Omit the pictures from the entries below and retype everything else exactly.

=== Begin Enclosure ===

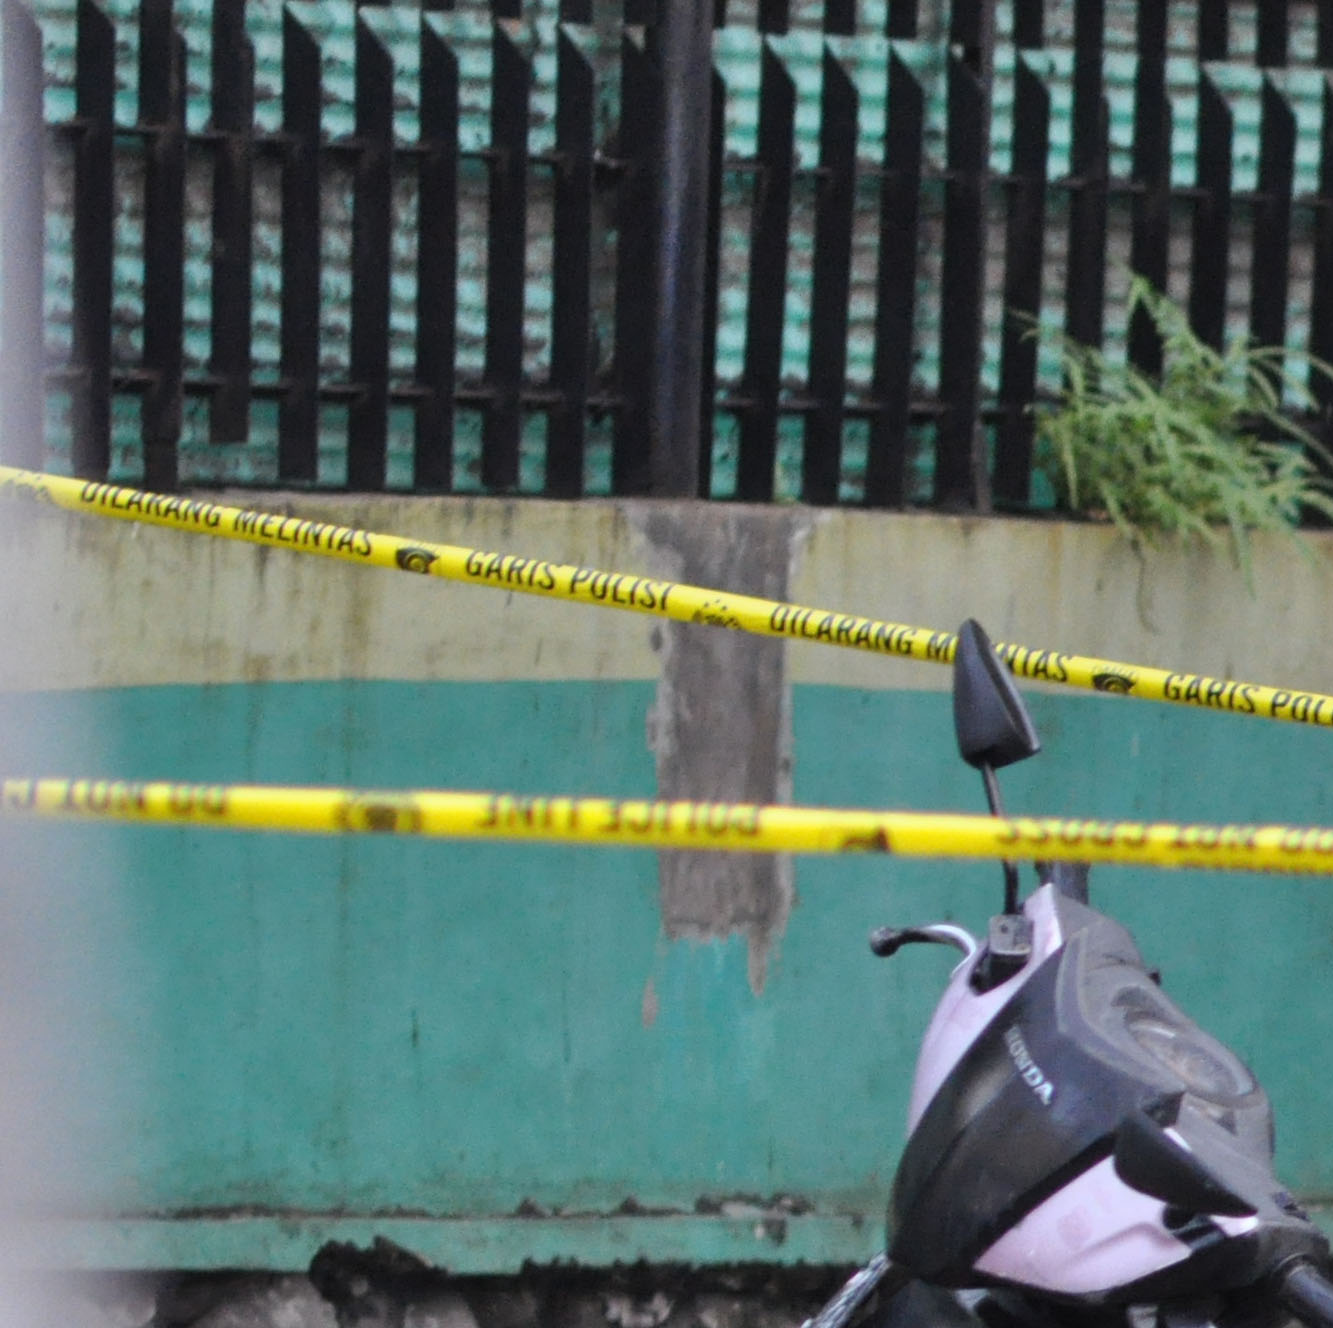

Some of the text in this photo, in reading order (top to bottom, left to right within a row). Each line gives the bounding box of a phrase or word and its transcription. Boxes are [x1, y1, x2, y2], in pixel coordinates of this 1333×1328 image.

[80, 483, 374, 557] DILARANG MELINTAS
[465, 549, 673, 611] GARIS POLISI
[771, 604, 917, 655] DILARANG
[1164, 671, 1259, 714] GARIS
[1004, 1024, 1053, 1106] HONDA

=== End Enclosure ===

RESULT FOR THIS TASK:
Some of the text in this photo, in reading order (top to bottom, left to right within a row). Each line gives the bounding box of a phrase or word and its transcription. Boxes are [x1, y1, x2, y2], in pixel coordinates of this 1333×1328 image.

[80, 483, 374, 557] DILARANG MELINTAS
[465, 549, 673, 611] GARIS POLISI
[771, 604, 917, 655] DILARANG
[1164, 671, 1259, 714] GARIS
[1004, 1024, 1053, 1106] HONDA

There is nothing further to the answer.